AUSTIN, Texas - Families of children seized from their polygamist sect's ranch could flee Texas if they regain custody, child-welfare authorities said yesterday as they urged the state Supreme Court to block a ruling that the hundreds of removals were improper.
Updating an earlier appeal, Texas Child Protective Services lawyers argued that if the custody orders were rescinded, parents could take the children out of the state and "no Texas court would have any authority to enter any orders to protect these children."
The Third District Court of Appeals ruled last week that the state failed to show that the children were in any immediate danger.
Child-welfare authorities say the Fundamentalist Church of Jesus Christ of Latter Day Saints forces underage girls into marriage and sex. Sect members say they are being persecuted for their religious beliefs.
JACKSON, Miss. - An Amtrak passenger train collided yesterday with a garbage truck on a rural stretch of track in central Mississippi, injuring at least seven people, authorities said.

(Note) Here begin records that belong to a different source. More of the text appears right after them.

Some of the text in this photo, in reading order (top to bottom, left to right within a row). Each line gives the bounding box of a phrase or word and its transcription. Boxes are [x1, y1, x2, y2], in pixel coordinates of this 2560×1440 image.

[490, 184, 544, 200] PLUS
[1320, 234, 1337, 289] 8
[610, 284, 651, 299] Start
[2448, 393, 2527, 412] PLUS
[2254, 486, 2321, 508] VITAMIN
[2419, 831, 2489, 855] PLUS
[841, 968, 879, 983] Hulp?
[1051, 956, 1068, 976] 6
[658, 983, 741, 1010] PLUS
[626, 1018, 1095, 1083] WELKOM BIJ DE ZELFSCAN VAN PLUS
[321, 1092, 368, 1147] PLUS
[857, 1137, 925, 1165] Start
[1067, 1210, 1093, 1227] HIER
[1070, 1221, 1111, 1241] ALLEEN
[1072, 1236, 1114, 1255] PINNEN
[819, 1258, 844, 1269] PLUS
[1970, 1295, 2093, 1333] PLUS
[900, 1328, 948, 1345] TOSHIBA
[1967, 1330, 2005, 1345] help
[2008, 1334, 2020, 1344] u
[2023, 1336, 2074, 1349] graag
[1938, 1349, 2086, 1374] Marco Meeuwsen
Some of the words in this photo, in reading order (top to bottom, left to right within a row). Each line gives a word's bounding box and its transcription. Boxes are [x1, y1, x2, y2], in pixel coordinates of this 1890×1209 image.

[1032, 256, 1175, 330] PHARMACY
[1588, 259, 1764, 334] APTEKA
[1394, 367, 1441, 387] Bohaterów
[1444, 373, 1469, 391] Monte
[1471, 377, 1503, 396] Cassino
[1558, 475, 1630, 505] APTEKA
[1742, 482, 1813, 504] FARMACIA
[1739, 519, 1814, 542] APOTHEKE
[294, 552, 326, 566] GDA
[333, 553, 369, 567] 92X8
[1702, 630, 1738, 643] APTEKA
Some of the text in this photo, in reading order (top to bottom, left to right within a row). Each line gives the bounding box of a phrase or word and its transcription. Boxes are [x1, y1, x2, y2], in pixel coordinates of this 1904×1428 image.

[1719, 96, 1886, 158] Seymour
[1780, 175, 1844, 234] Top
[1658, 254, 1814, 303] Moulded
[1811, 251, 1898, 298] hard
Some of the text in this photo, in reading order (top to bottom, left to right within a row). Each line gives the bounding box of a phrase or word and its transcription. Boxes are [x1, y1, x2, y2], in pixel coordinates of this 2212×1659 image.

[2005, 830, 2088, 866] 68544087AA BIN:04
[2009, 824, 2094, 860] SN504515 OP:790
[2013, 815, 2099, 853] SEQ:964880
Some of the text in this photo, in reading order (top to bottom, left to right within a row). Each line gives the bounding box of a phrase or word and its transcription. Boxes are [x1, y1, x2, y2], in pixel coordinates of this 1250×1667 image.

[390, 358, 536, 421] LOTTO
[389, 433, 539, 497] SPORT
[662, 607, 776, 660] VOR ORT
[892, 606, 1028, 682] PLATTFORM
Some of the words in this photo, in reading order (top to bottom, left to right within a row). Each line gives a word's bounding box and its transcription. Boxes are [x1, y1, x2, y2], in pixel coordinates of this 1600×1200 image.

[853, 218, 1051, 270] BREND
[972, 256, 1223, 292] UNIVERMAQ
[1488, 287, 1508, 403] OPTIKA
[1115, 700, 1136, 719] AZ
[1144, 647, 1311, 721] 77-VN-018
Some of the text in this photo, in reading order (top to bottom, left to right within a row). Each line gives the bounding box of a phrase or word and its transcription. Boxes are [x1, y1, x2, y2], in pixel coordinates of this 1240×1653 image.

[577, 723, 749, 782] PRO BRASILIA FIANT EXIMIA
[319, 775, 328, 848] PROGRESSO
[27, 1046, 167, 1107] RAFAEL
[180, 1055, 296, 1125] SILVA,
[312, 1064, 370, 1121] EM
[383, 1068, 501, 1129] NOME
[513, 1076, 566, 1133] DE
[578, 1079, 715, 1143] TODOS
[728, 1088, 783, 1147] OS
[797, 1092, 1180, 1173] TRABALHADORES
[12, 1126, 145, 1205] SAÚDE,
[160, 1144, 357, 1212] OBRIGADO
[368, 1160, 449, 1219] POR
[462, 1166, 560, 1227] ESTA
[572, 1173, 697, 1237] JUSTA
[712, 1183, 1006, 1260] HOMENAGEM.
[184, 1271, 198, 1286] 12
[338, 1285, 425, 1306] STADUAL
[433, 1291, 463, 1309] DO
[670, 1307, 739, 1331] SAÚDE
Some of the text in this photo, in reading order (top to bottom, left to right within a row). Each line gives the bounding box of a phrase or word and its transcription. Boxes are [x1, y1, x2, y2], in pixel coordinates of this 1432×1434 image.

Three of those taken to hospitals were Amtrak employees who suffered non-life-threatening injuries, Amtrak spokesman Marc Magliari said. He did not know the status of the others hurt, or whether they were train passengers, truck passengers or some of each.
The estimated 100 passengers aboard the southbound City of New Orleans train, which originated in Chicago on Monday night, were moved to a school and could be taken to their destinations by bus, Magliari said.
ROANOKE, Va. - A Virginia Tech professor who lost his wife in a mass shooting last year will head a new peace center in the classroom wing where she died, the university announced yesterday.
Jerzy Nowak will step down as head of the Blacksburg school's horticulture department July 1 to become director of the Center for Peace Studies and Violence Prevention.
Nowak became an advocate for the center after student gunman Seung-Hui Cho killed 32 people, plus himself, on April 16, 2007. Nowak's wife, French instructor Jocelyne Couture-Nowak, was among 25 students and five faculty killed in Norris Hall, where the center will be based.
"I'm actually looking forward to this next step in my career," Nowak said. "It gives me a lot of focus."
Health and environmental groups
filed suit yesterday, arguing that the Bush administration failed to protect public health and the environment when it issued new ozone requirements in March. It contends the Environmental Protection Agency ignored the recommendation of a key advisory panel of scientists for more stringent smog standards.